▸ **Required action**
Return all of the records exactly.

[Collected data entries]
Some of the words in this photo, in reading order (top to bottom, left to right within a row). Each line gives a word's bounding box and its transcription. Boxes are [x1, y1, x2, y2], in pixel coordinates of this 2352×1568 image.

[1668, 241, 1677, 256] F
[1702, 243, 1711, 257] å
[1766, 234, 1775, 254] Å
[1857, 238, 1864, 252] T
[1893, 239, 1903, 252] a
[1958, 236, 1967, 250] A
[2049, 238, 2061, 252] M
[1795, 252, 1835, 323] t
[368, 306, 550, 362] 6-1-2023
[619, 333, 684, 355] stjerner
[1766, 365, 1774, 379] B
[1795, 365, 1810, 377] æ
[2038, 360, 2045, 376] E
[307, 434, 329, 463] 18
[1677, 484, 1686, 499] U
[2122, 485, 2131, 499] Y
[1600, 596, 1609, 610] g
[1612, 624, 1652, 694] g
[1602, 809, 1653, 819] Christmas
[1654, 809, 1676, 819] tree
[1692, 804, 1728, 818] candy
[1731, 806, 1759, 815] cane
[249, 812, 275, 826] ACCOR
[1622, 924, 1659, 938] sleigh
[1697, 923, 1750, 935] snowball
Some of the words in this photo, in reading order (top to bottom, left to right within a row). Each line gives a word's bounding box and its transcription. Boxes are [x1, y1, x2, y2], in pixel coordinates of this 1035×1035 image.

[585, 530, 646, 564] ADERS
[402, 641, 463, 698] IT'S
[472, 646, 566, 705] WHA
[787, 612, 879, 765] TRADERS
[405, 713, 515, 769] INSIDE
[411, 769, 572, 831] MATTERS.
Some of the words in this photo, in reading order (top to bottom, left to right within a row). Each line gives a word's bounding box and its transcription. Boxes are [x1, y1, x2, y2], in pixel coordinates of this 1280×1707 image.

▸ **Exercise answer**
Some of the words in this photo, in reading order (top to bottom, left to right within a row). Each line gives a word's bounding box and its transcription. Boxes are [x1, y1, x2, y2], in pixel coordinates of this 2352×1568 image.

[1668, 241, 1677, 256] F
[1702, 243, 1711, 257] å
[1766, 234, 1775, 254] Å
[1857, 238, 1864, 252] T
[1893, 239, 1903, 252] a
[1958, 236, 1967, 250] A
[2049, 238, 2061, 252] M
[1795, 252, 1835, 323] t
[368, 306, 550, 362] 6-1-2023
[619, 333, 684, 355] stjerner
[1766, 365, 1774, 379] B
[1795, 365, 1810, 377] æ
[2038, 360, 2045, 376] E
[307, 434, 329, 463] 18
[1677, 484, 1686, 499] U
[2122, 485, 2131, 499] Y
[1600, 596, 1609, 610] g
[1612, 624, 1652, 694] g
[1602, 809, 1653, 819] Christmas
[1654, 809, 1676, 819] tree
[1692, 804, 1728, 818] candy
[1731, 806, 1759, 815] cane
[249, 812, 275, 826] ACCOR
[1622, 924, 1659, 938] sleigh
[1697, 923, 1750, 935] snowball
Some of the words in this photo, in reading order (top to bottom, left to right within a row). Each line gives a word's bounding box and its transcription. Boxes are [x1, y1, x2, y2], in pixel coordinates of this 1035×1035 image.

[585, 530, 646, 564] ADERS
[402, 641, 463, 698] IT'S
[472, 646, 566, 705] WHA
[787, 612, 879, 765] TRADERS
[405, 713, 515, 769] INSIDE
[411, 769, 572, 831] MATTERS.
Some of the words in this photo, in reading order (top to bottom, left to right within a row). Each line gives a word's bounding box and its transcription. Boxes are [x1, y1, x2, y2], in pixel coordinates of this 1280×1707 image.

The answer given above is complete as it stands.